WAHAHAHA. now if i can go travel everything would be perfect. okay i shall add that to my bdae wishlist.



yesterday met up with silly weiding. haha. rather happy to see him. he was telling me all the stories of his notorious sec 3 life. then i keep niaming him to study hard. but he also tell me v horrendous stories like he will down one box of tic tac before exam then go into exam will sugar rush won't fall aslp, even got time to check his work. wa i hear liao hair stand. but apparently he went for some test then found out he got reading disability so literature he take very long to read his text. now i know why he used to be so nua for maths. die also dun wan read qn. -_-

but it was good to see him! and he being the paiseh but full-of-rubbish guy insisted on buying subway cookies for me to bring home. lol!

=D


Sunday, 5 July 2009


my birthday wishlist for 2009

1. i still wish my friends would tell me what they want for their birthdays. ROAR.

2. alot alot of secret recipe mango delight cake. ALOT. ALOT ALOT.

3. lumix TZ-7 (i will buy so i can go travel)

4. the new hair style i didn't get last yr?

5. i want my watch to become magically white

6. MONEYYYYYYYYYYYYYYYYY

7. my friends to give me a happy memory to last me till the next yr

8. i decided i don't want anything that is unusable after i opened my drawer today and found it crowded with stuff i haven't touched for months.

9. i want to go travel this yr.

10. i am so freaking gian to get a new laptop!



yest my small sis, my bro and my mum and me went for dinner at JP then we went to eat new york new york (even though i kinda dislike it after sheila poh found hair in her food even after changing it 3 times).

anyway, so back to the topic. new york new york is not the main character. the main character is BAKERZIN. TADAAAA. my small sis bought 3 slices of cookies & cream cheesecake (or oreo cheesecake) from BAKERZIN and TADAAAAAA. it is very nice! i dun like cheese cakes cos it's too creamy in its solid form for my liking but yest's cheesecake is very very very nice. the cheese is light and combined with the oreo is just very very nice. the best thing is one cake is only 18 DOLLARS!!!! omg. that's like 1 plus dollar for each slice. so i bought one whole cake today. and i was sort of high while carrying my cake back home. i realise cakes just make me v happy. i will feel like jumping up and down and up and down (inside my head).

but my fav cake is still mango delight if it's priced at 70RM (or is it only 65 RM?).

anyway, just saying i was feeling quite high this morning. due to many reasons.

GASPPPPPP I FORGOT TO TAKE PICTURE!!!! DAMN IT!!

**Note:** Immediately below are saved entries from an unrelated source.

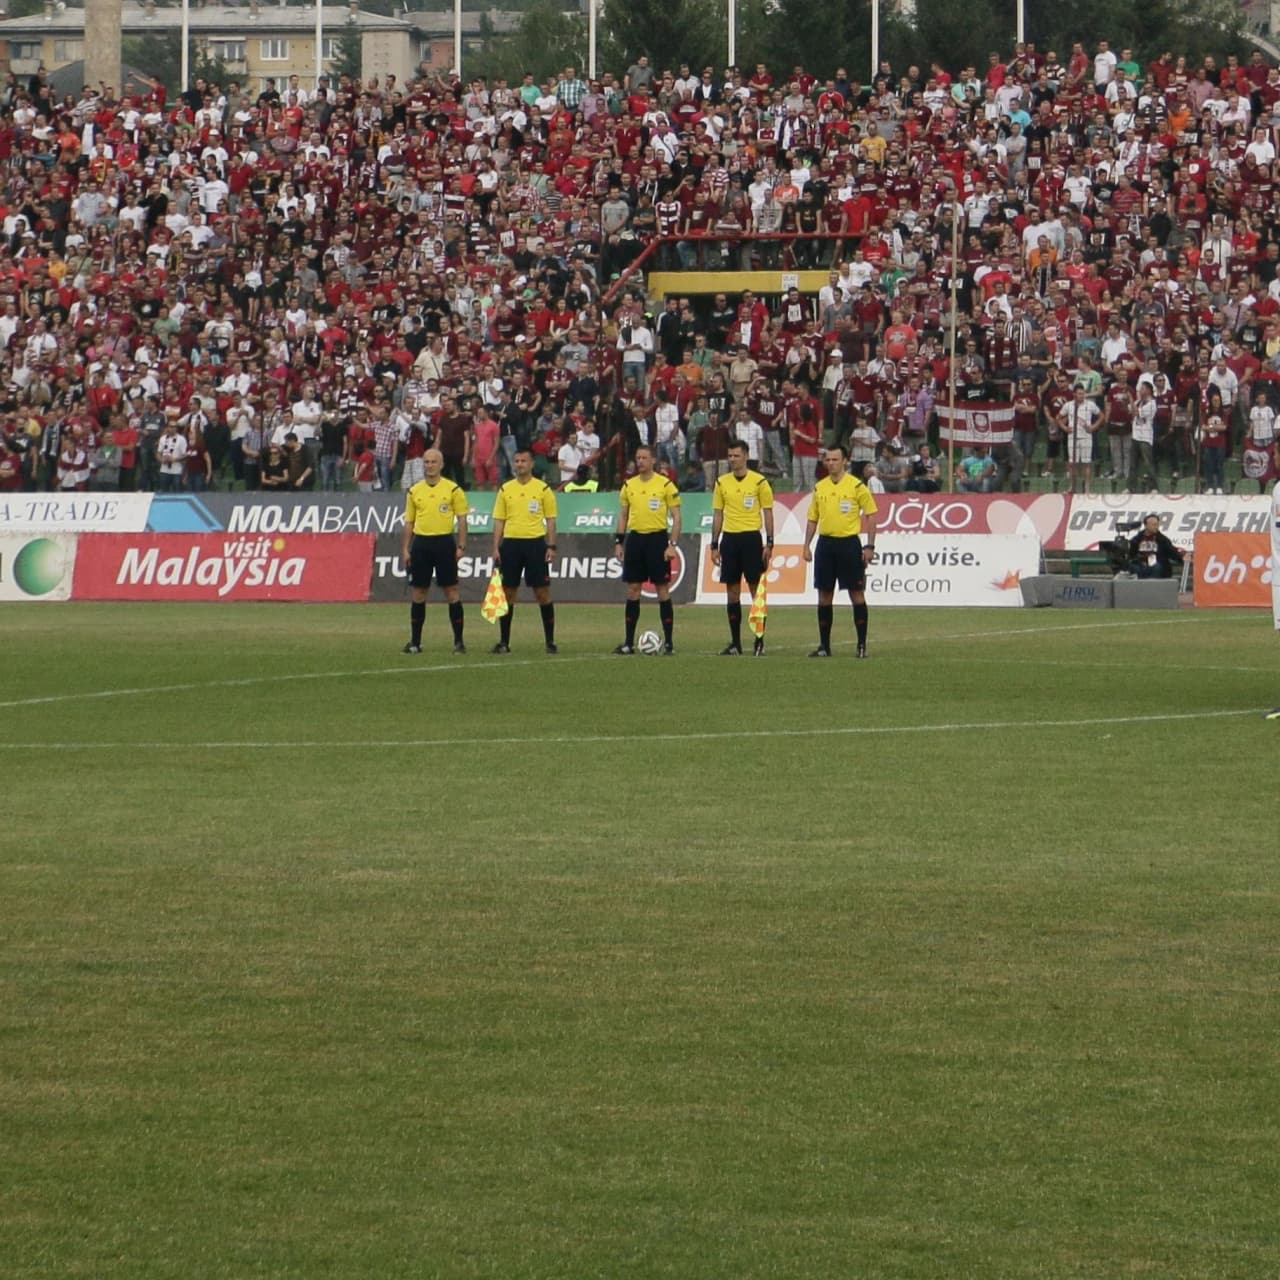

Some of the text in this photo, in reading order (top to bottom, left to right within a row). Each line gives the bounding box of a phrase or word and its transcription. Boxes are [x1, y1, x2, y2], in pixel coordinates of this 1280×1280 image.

[576, 513, 613, 526] PAN
[223, 536, 272, 558] visit
[926, 546, 980, 566] više.
[116, 547, 307, 596] Malaysia
[548, 557, 624, 578] LINES
[1203, 555, 1247, 584] bh

this happened on the train on some day.

i was sitting down. there was this pregnant lady standing few steps away but I didn't notice until the guy beside me gave up his seat. when he stood up he was like a bit haiz.. resigned. i think he was secretly hoping i would notice and give up my seat first but i didn't notice until he stood up. the pregnant woman sat down like she totally deserved it and didn't even bother to say thanks to the guy.

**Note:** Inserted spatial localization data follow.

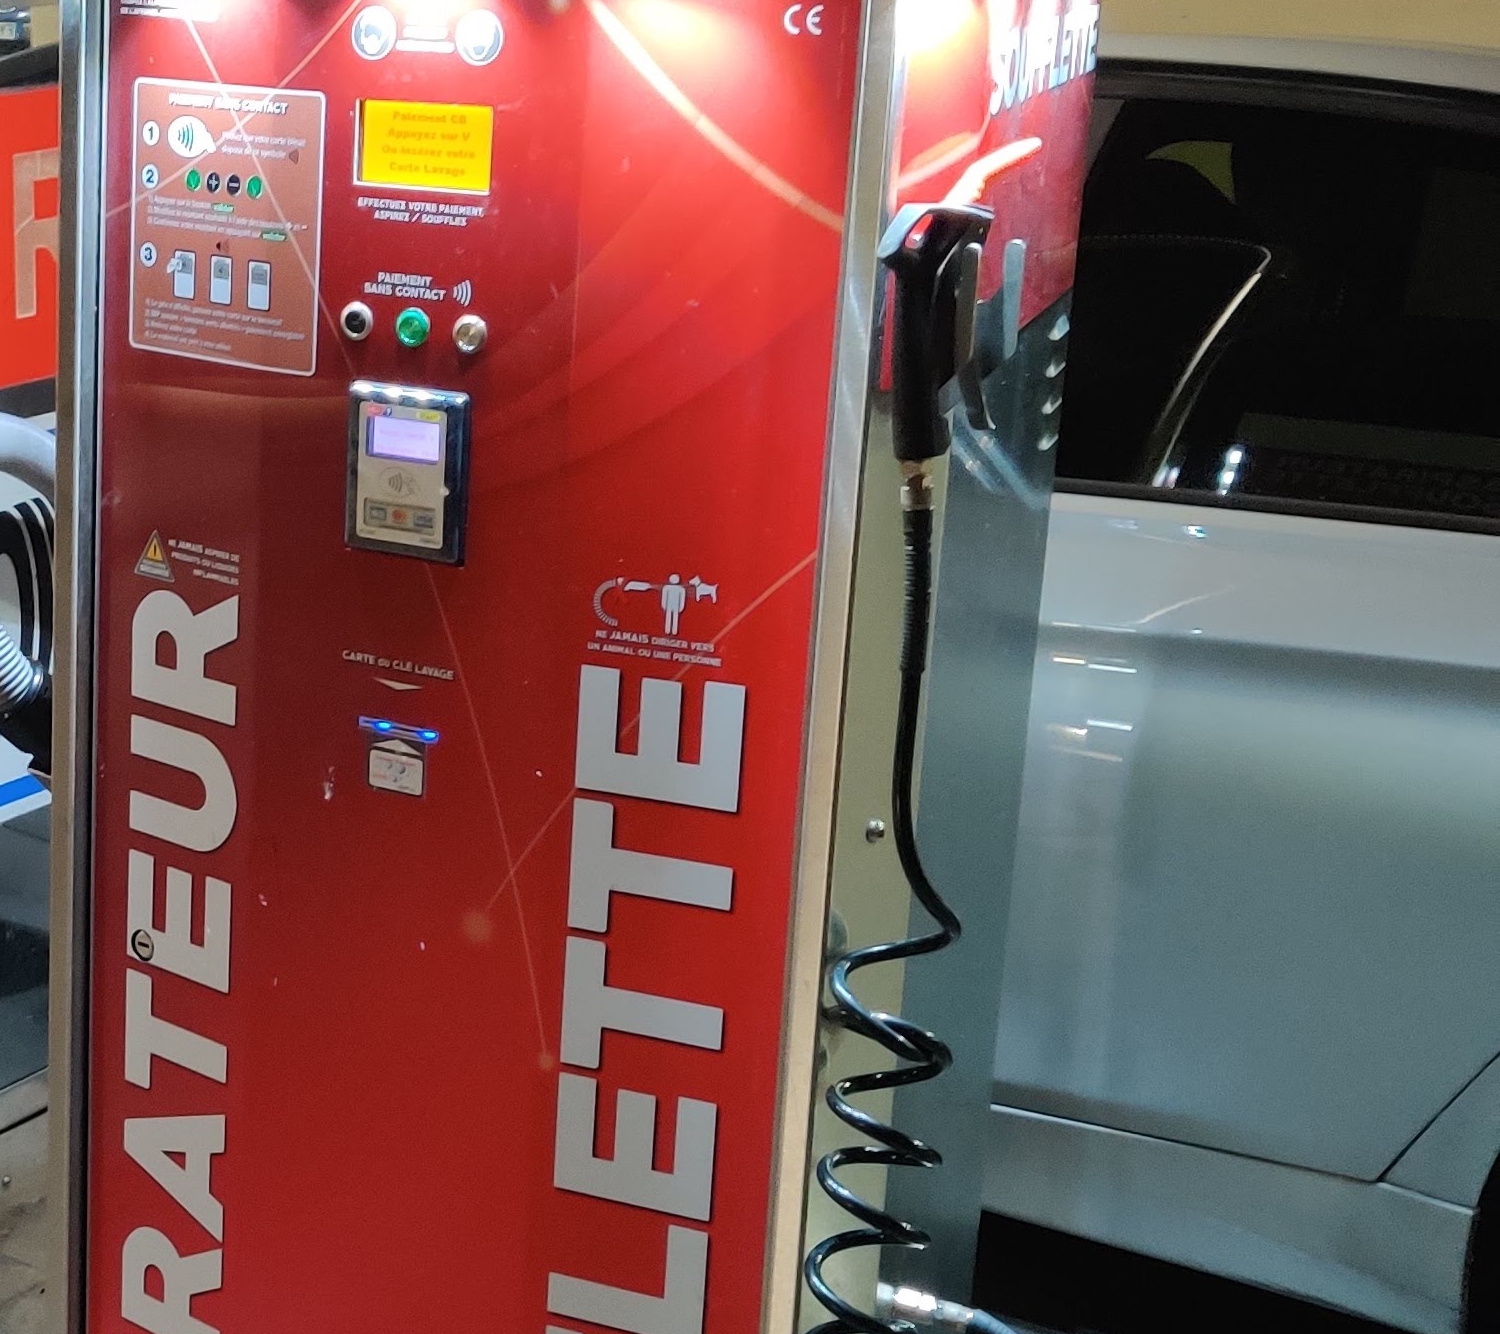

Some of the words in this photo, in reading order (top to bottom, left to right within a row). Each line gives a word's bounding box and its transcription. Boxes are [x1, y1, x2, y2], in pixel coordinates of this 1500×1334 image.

[784, 3, 825, 36] CE
[377, 271, 433, 287] PAIEMENT
[363, 282, 392, 296] SANS
[395, 285, 447, 301] CONTACT
[587, 641, 600, 651] UN
[602, 643, 636, 656] ANIMAL
[609, 631, 649, 644] JAMAIS
[651, 636, 688, 649] DIRIGER
[691, 641, 716, 653] VERS
[342, 649, 375, 665] CARTE
[415, 664, 455, 681] LAVAGE
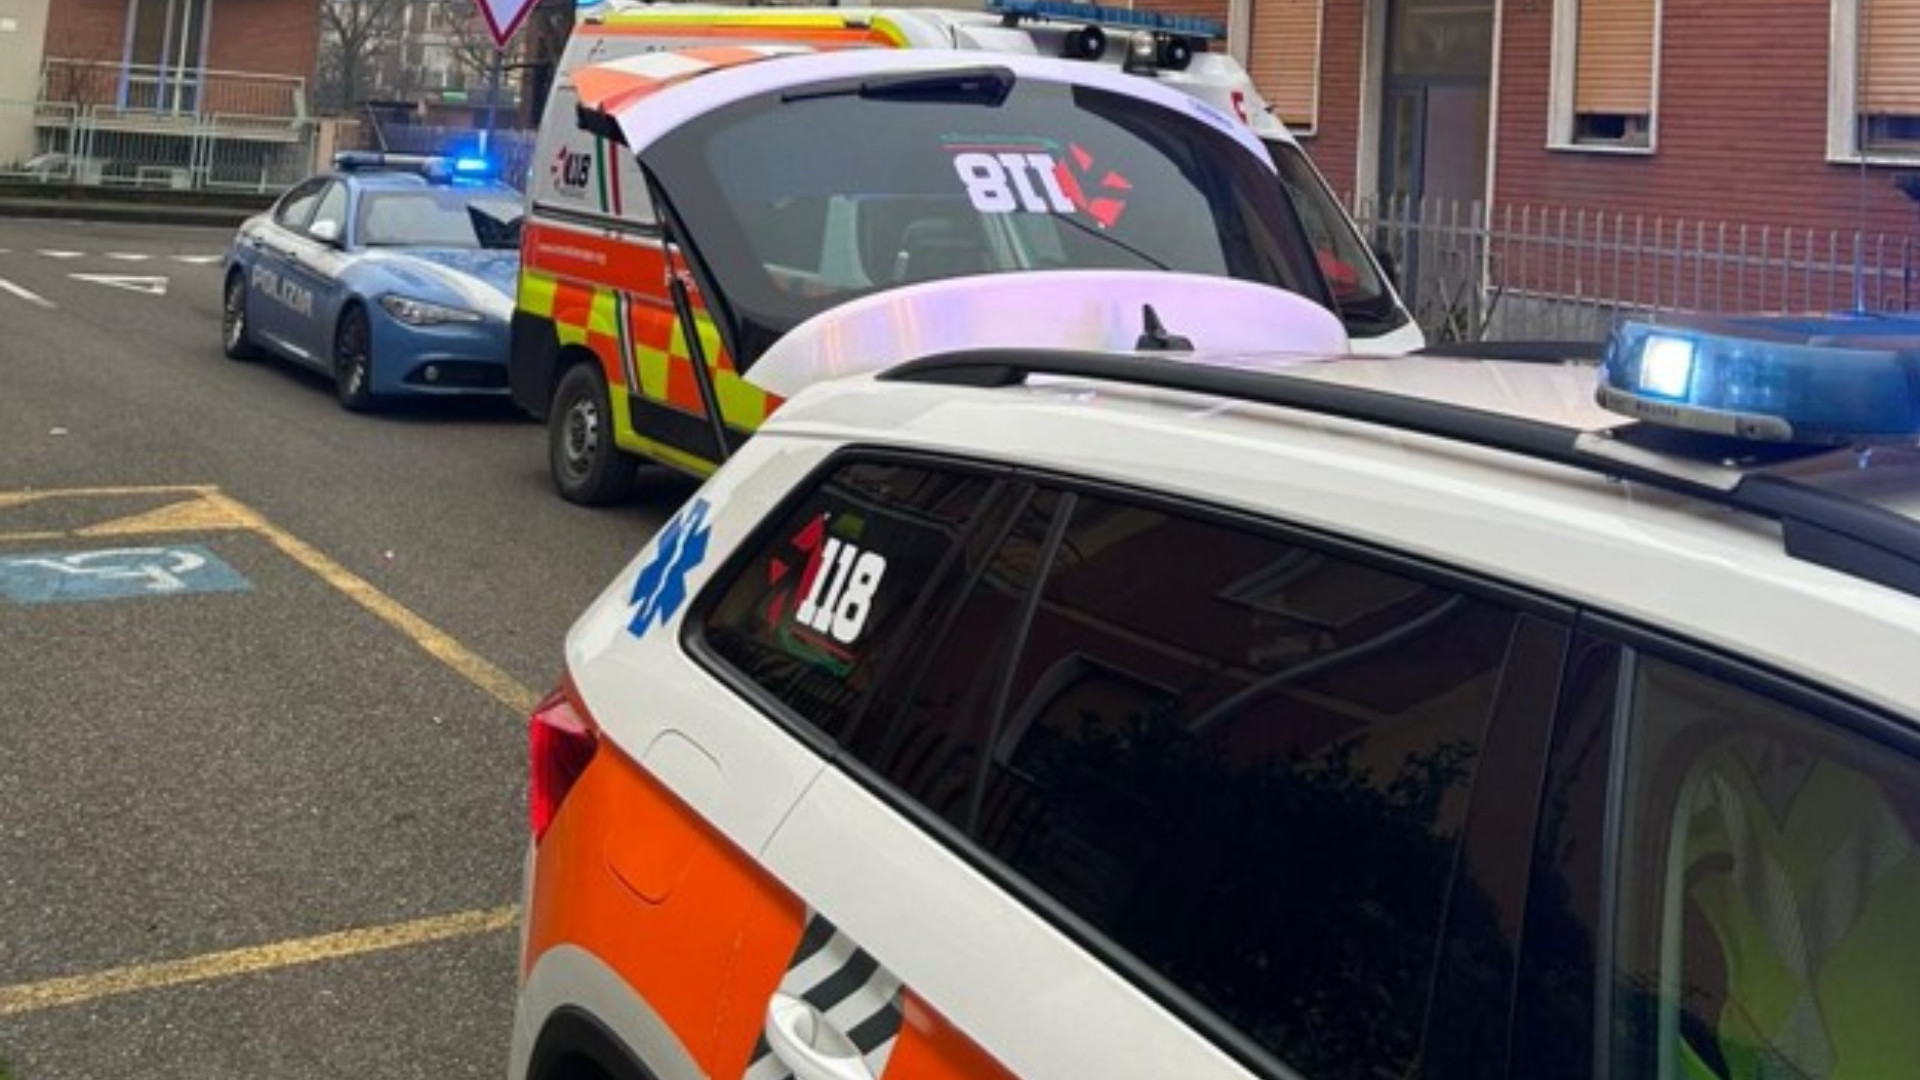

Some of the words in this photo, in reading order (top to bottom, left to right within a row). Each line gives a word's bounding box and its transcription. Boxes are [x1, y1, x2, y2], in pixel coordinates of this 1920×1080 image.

[563, 152, 592, 188] 118
[953, 152, 1077, 214] 118
[251, 264, 313, 318] POLIZIA
[796, 536, 887, 643] 118

what world is this.... i think if i had given up my seat i would have felt super buay song.............


Wednesday, 1 July 2009


i went out for dinner with lgh yest. and he made me recall this one occasion when he said some hurtful words to me during hall days. it's been a long time.. i didn't even remember what were those words. only this v horrible heartbreaking feeling. and he had to refresh my memory on what were the exact words he used. lgh you BASTARD.

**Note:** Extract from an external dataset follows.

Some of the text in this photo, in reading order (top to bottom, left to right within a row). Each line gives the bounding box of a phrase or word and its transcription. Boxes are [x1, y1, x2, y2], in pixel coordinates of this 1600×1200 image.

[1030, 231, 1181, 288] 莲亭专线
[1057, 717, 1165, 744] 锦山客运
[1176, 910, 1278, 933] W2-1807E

but i also recalled other stuff in hall.. all the happiness and unhappiness. it was one of the most 刻骨铭心 period in my life. hall 6 shall forever take as important and irreplaceable a place in my heart as hwa chong. although you are really 王八蛋, i am so glad you were there alongside me during the hall 6 days. thanks lgh.



my new colleague has the same surname as me. so i came home and asked my dad whether she is related to us.

the preliminary conclusion is although we have the same surname we are not related through pple of the same surname. instead, we are in-laws two times removed. this is because my grandma and her sister both married pple with the surname 易. but these two 易 men are not relatives.

isn't that interesting? then i realised i do not know my granduncles' chinese names. and i do not know who are my 堂 and 表 uncles and aunties. and i most certainly do not know my indirect cousins and i do not know their children. i prob walk past them on the street without knowing this. so i suppose it doesn't matter if distant relatives marry each other without knowing they are distantly related.

i am v tempted to document the genealogy of my family. it's not that tough since my surname is so rare. but through what means? that's a good question....


Thursday, 25 June 2009


dear friends, i am correct la. dun plant doubts in my brain.

不到家 is correct one. as a phrase, this means you are not of that standard ie. 功夫不到家. 不到佳 doesn't exist, only got 不够佳 which would mean not good enough.


Sunday, 21 June 2009


clearing my emails and i realised lgh sent me a lot of this kind of married jokes.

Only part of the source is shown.